On our return from Skye, we were invited by Ray to stay with him on Arran, his island home, a kidney-shaped island in the Firth of the Clyde an hour’s ferry ride from the Scottish mainland. At dinner with Ray, we discussed the difference between flying in the U.K and the U.S. Regulations in the U.K. are more restrictive, and costs are much higher because of fuel prices and landing fees. Ray gave us helpful advice and assisted us in obtaining the necessary charts, and after touring Arran we moved on to the Orkney and Shetland Islands to the north of mainland Scotland. Skara Brae on Orkney is “the most perfect stone age village in Europe,” and at Jarlshof near Sumburgh on Shetland stone age, bronze age, Viking and medieval settlements can be inspected. Landing on Sumburgh expecting to pay an exorbitant landing fee of about 50 pounds, we were pleasantly surprised when the tower informed us that they would waive the fee if we did a fly-by past the tower. A troop of boy scouts was being entertained by ATC there.
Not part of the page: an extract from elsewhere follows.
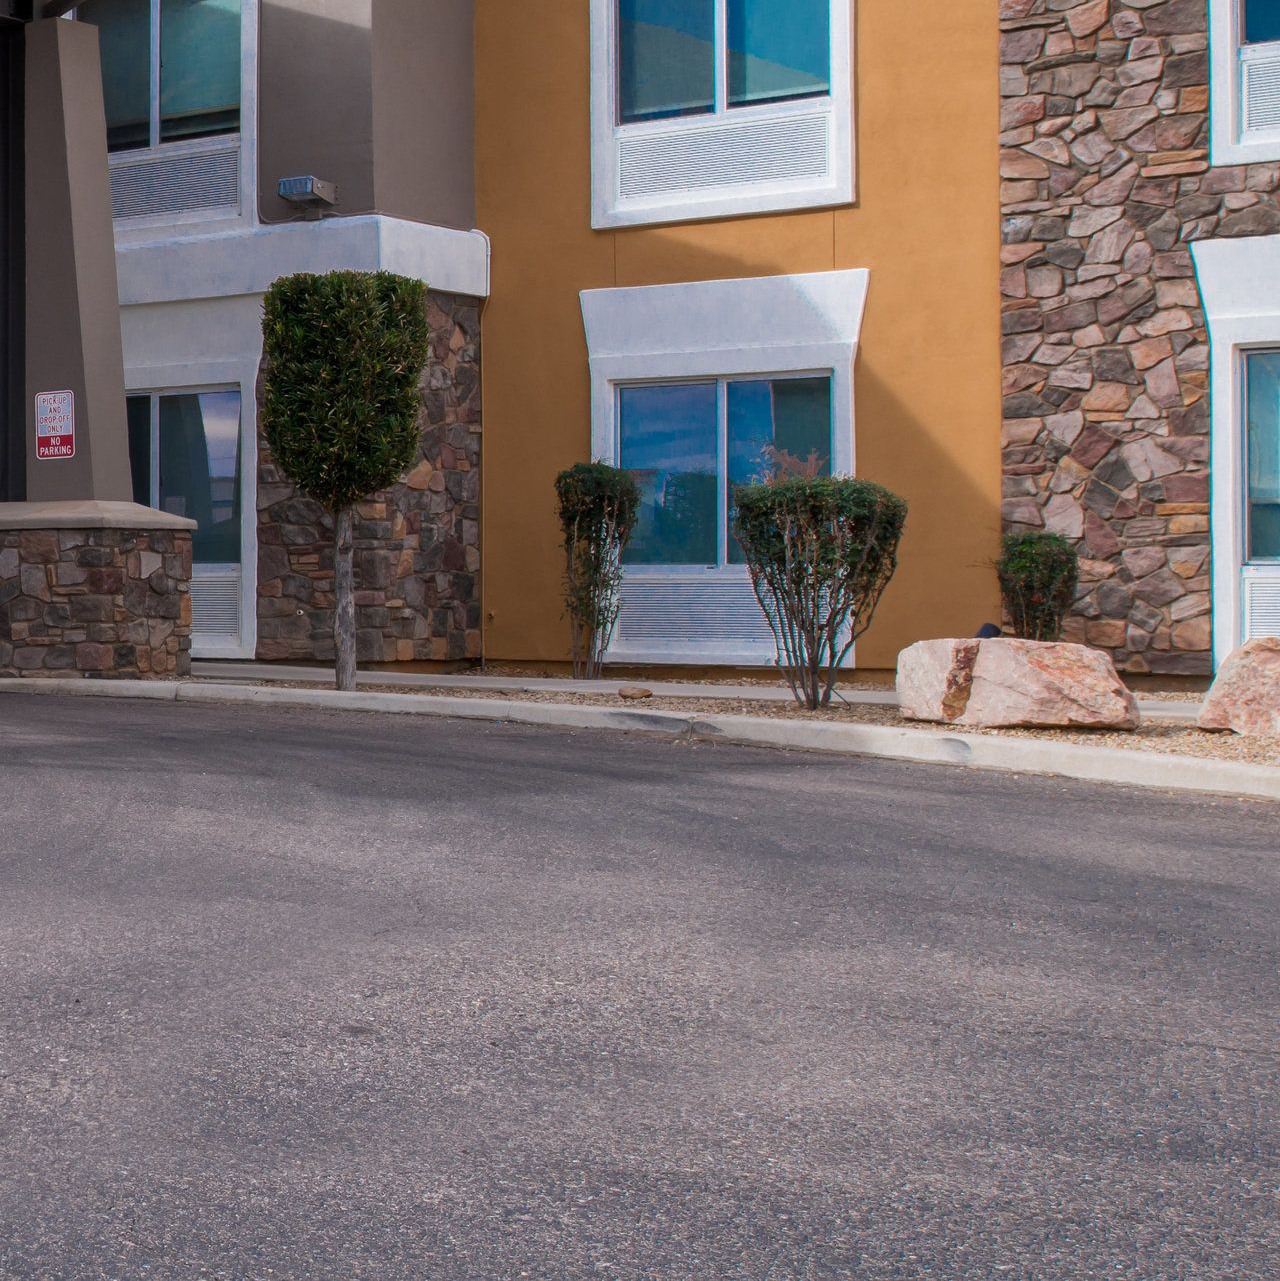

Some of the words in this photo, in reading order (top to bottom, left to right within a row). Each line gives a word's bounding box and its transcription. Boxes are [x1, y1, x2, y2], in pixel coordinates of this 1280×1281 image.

[48, 406, 62, 414] AND
[47, 425, 64, 433] ONLY
[50, 436, 61, 446] NO
[40, 446, 71, 456] PARKING
From Shetland we flew to Aberdeen on Scotland’s east coast for some salmon fishing on the river Dee near Balmoral. A salmon was intermittently rising in the river behind the inn where we stayed, but he did not take the flies I presented.
Later we flew to Shannon to tour the west coast. We visited the Dingle Peninsula where a close friend and colleague had grown up. He had had a promising career in neurology that had been cut short by a death due to Hodgkins Disease. It was this colleague who taught me the ins and outs of fly fishing. We had spent many enjoyable hours together in the Catskills and Adirondacks fishing the waters there.
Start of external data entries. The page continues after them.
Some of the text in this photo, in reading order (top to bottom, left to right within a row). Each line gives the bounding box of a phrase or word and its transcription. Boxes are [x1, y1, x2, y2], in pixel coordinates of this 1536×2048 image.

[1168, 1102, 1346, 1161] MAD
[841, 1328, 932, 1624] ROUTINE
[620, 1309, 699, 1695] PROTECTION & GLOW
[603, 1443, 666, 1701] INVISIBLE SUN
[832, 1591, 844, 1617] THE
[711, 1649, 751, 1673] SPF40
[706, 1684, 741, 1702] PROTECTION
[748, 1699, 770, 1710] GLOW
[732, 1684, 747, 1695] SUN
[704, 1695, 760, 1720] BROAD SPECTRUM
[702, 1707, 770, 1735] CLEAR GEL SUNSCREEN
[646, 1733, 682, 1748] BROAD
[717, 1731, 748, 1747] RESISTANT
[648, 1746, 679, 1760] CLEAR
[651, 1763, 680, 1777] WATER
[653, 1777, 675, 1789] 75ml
As the time allotted for our vacation drew to a close we began to inquire about weather conditions over the Atlantic. The weather was forecast to remain good only for a few more days so we deferred plans to visit the Channel Islands and flew back to Prestwick to tank up for the return flight. Although Prestwick or Stornaway could be used for a departure point Prestwick is less remote and offers better facilities. The return to Reykjavik involved an IFR departure. No ice was present in the clouds and we were able to fly between layers for much of the trip. HF communications were poor when we were in the clouds but above the clouds we had no problem with the required position reports. That night at the Hotel Loftliedir we partook of a smorgasbord and later swam in the hotel’s pool, which was filled with warm water pumped in from the thermal springs.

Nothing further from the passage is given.